_What you will do_
Each line of the material must be returned exactly.

_Data to process_
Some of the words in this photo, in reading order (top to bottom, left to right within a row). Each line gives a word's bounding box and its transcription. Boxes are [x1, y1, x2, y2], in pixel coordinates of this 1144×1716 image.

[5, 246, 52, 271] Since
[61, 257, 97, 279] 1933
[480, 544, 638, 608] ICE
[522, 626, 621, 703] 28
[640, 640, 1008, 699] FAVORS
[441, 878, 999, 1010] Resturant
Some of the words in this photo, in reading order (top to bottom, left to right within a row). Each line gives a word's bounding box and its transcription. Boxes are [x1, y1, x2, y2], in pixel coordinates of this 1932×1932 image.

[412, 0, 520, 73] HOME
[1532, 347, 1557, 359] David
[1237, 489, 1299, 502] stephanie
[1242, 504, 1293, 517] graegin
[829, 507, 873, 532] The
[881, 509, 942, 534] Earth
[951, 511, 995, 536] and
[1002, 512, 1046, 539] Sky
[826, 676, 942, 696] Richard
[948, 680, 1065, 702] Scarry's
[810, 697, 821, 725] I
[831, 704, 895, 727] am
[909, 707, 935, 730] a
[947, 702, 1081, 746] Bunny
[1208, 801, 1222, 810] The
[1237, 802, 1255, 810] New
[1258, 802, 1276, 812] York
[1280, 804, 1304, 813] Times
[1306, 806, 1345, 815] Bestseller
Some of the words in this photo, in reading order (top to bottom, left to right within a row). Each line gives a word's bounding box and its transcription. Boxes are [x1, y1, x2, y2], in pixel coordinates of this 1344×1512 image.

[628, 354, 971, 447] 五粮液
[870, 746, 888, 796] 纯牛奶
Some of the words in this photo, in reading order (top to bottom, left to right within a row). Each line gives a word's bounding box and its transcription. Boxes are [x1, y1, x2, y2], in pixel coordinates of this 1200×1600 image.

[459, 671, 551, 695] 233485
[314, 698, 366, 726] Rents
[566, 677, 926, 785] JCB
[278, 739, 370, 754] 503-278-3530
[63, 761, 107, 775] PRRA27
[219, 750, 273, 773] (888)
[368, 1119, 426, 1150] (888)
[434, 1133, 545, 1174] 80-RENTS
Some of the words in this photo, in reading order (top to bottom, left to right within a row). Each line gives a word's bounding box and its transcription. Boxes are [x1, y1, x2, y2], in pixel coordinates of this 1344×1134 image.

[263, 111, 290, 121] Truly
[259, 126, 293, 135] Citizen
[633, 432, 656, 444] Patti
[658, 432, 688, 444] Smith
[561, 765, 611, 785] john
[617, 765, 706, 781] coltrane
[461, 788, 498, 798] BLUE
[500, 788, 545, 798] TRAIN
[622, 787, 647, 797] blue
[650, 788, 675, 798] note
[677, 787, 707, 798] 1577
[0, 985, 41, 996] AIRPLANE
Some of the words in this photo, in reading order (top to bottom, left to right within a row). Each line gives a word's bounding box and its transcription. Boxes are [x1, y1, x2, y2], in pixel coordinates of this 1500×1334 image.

_Response to the task_
Some of the words in this photo, in reading order (top to bottom, left to right within a row). Each line gives a word's bounding box and its transcription. Boxes are [x1, y1, x2, y2], in pixel coordinates of this 1144×1716 image.

[5, 246, 52, 271] Since
[61, 257, 97, 279] 1933
[480, 544, 638, 608] ICE
[522, 626, 621, 703] 28
[640, 640, 1008, 699] FAVORS
[441, 878, 999, 1010] Resturant
Some of the words in this photo, in reading order (top to bottom, left to right within a row). Each line gives a word's bounding box and its transcription. Boxes are [x1, y1, x2, y2], in pixel coordinates of this 1932×1932 image.

[412, 0, 520, 73] HOME
[1532, 347, 1557, 359] David
[1237, 489, 1299, 502] stephanie
[1242, 504, 1293, 517] graegin
[829, 507, 873, 532] The
[881, 509, 942, 534] Earth
[951, 511, 995, 536] and
[1002, 512, 1046, 539] Sky
[826, 676, 942, 696] Richard
[948, 680, 1065, 702] Scarry's
[810, 697, 821, 725] I
[831, 704, 895, 727] am
[909, 707, 935, 730] a
[947, 702, 1081, 746] Bunny
[1208, 801, 1222, 810] The
[1237, 802, 1255, 810] New
[1258, 802, 1276, 812] York
[1280, 804, 1304, 813] Times
[1306, 806, 1345, 815] Bestseller
Some of the words in this photo, in reading order (top to bottom, left to right within a row). Each line gives a word's bounding box and its transcription. Boxes are [x1, y1, x2, y2], in pixel coordinates of this 1344×1512 image.

[628, 354, 971, 447] 五粮液
[870, 746, 888, 796] 纯牛奶
Some of the words in this photo, in reading order (top to bottom, left to right within a row). Each line gives a word's bounding box and its transcription. Boxes are [x1, y1, x2, y2], in pixel coordinates of this 1200×1600 image.

[459, 671, 551, 695] 233485
[314, 698, 366, 726] Rents
[566, 677, 926, 785] JCB
[278, 739, 370, 754] 503-278-3530
[63, 761, 107, 775] PRRA27
[219, 750, 273, 773] (888)
[368, 1119, 426, 1150] (888)
[434, 1133, 545, 1174] 80-RENTS
Some of the words in this photo, in reading order (top to bottom, left to right within a row). Each line gives a word's bounding box and its transcription. Boxes are [x1, y1, x2, y2], in pixel coordinates of this 1344×1134 image.

[263, 111, 290, 121] Truly
[259, 126, 293, 135] Citizen
[633, 432, 656, 444] Patti
[658, 432, 688, 444] Smith
[561, 765, 611, 785] john
[617, 765, 706, 781] coltrane
[461, 788, 498, 798] BLUE
[500, 788, 545, 798] TRAIN
[622, 787, 647, 797] blue
[650, 788, 675, 798] note
[677, 787, 707, 798] 1577
[0, 985, 41, 996] AIRPLANE
Some of the words in this photo, in reading order (top to bottom, left to right within a row). Each line gives a word's bounding box and its transcription. Boxes are [x1, y1, x2, y2], in pixel coordinates of this 1500×1334 image.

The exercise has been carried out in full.